Late Quaternary climatic impact on the woodland strawberry genome: a perennial herb's tale

Exploring a species paleohistory is crucial for understanding its responsiveness to climatic events, identifying drivers of adaptation, and developing effective biodiversity conservation strategies in the face of ongoing climate change. We analyzed 200 genomes of the perennial herb woodland strawberry (Fragaria vesca L.) from across Europe and investigated the population structure and demographic history of the species during past geoclimatic events. We found a clear division of populations into western and eastern genetic clusters, indicative of distinct glacial refugia and adaptations to variation in temperature seasonality. The eastern core populations were several times larger (defined as effective population size, NE) than populations in other regions, showed no evidence of inbreeding, and were resilient to several glacial maxima. However, we observed decreasing NE and higher inbreeding in populations toward range edges, particularly in the north, where these individuals went through bottlenecks during glaciations. Population divergence suggested that western and eastern Europe were colonized from separate refugia in multiple waves during the Holocene, while the largest current populations from the northern Mediterranean to southern regions of the Nordic countries formed a connected population chain with gene flow between eastern core populations and western Europe, primarily occurring through Central Europe.
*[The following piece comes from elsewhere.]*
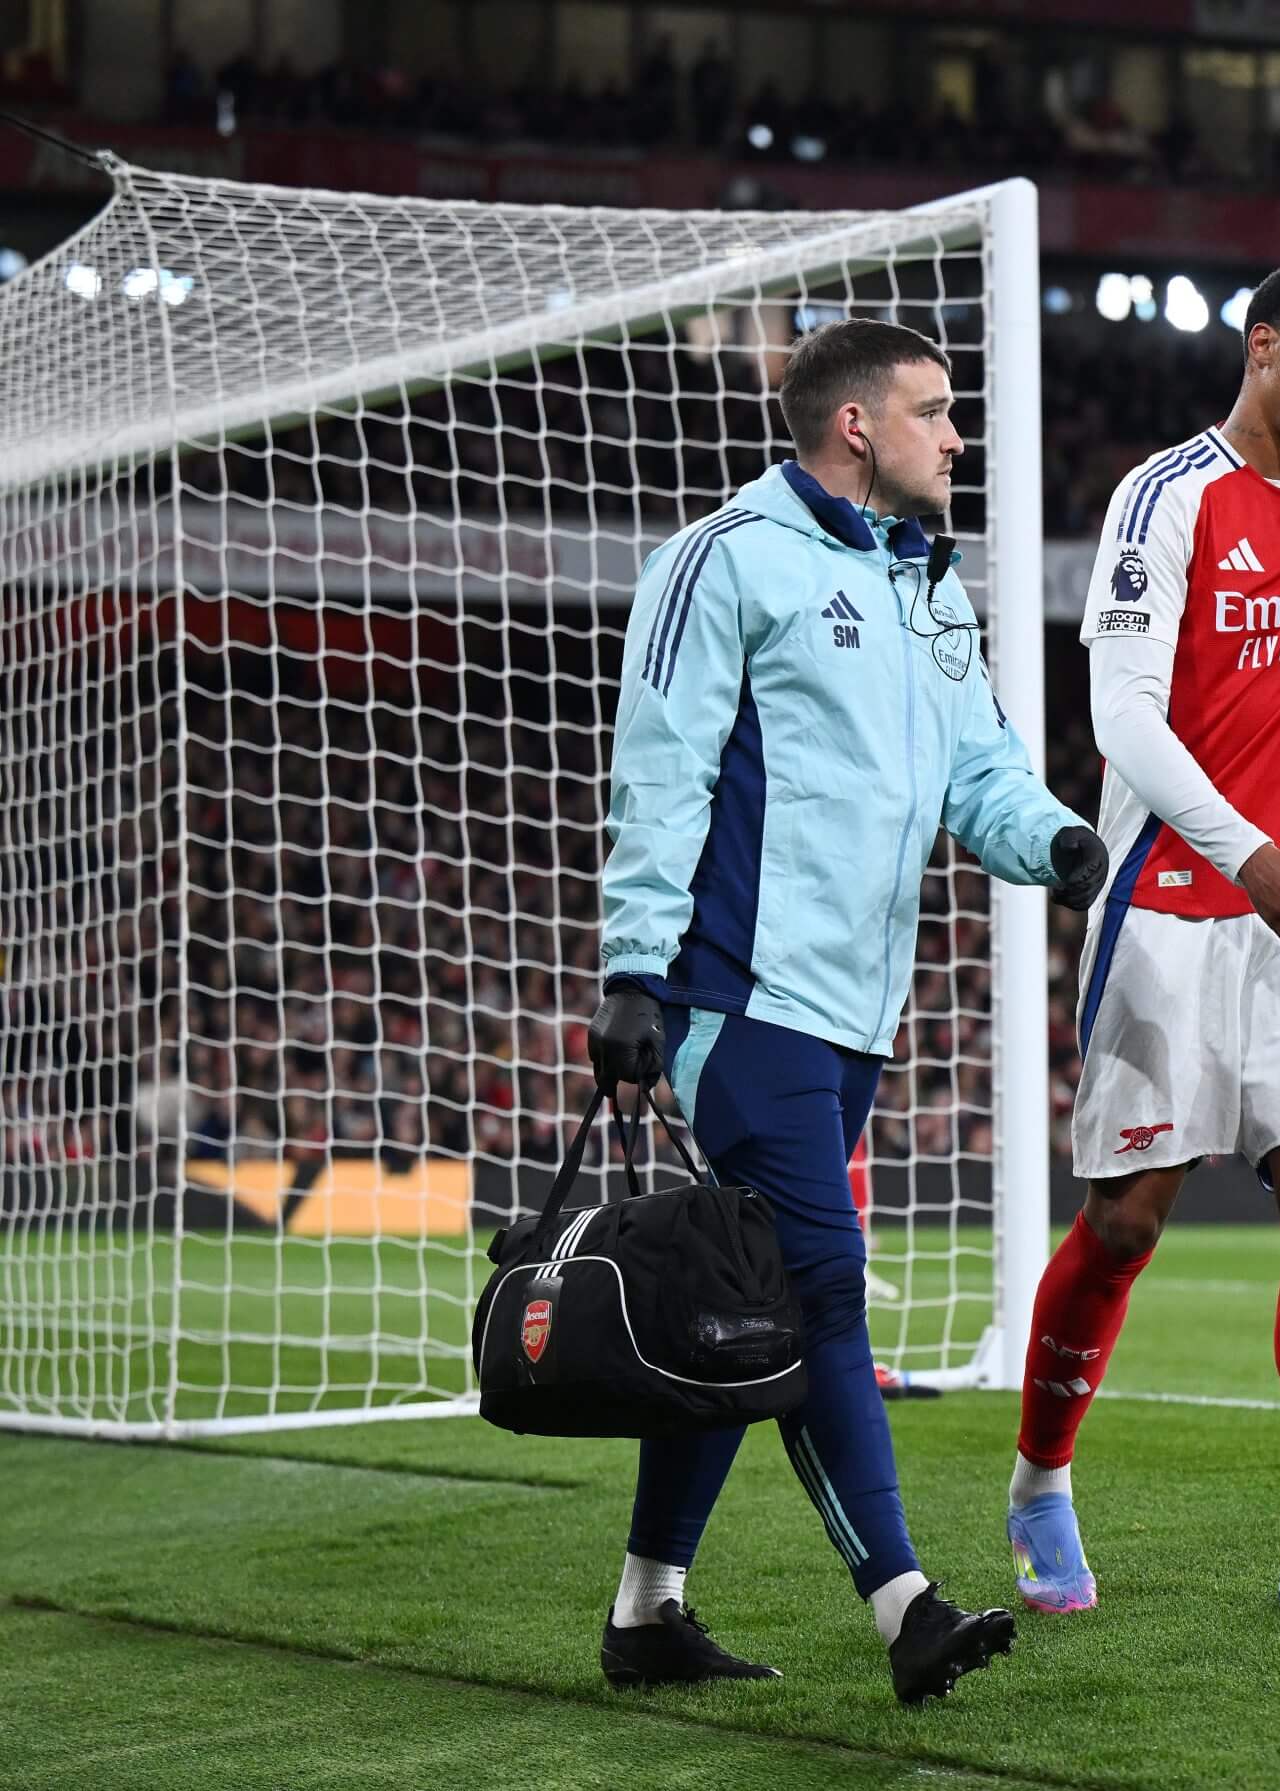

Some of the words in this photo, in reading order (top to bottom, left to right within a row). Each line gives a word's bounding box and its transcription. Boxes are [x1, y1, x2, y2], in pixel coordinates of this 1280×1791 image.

[1111, 612, 1145, 623] room
[833, 624, 861, 649] SM
[1237, 635, 1279, 671] FLY
[1041, 1335, 1101, 1360] AFC
Similar patterns of colonization and hybridization may have occurred during past interglacial periods, contributing to the present-day population structure of woodland strawberry. We suggest that the unprecedented resolution of the species climatic history across six glacial-interglacial cycles presented here holds the promise of transforming the general understanding of species paleohistory through geoclimatically tracing ancestral haplotypes.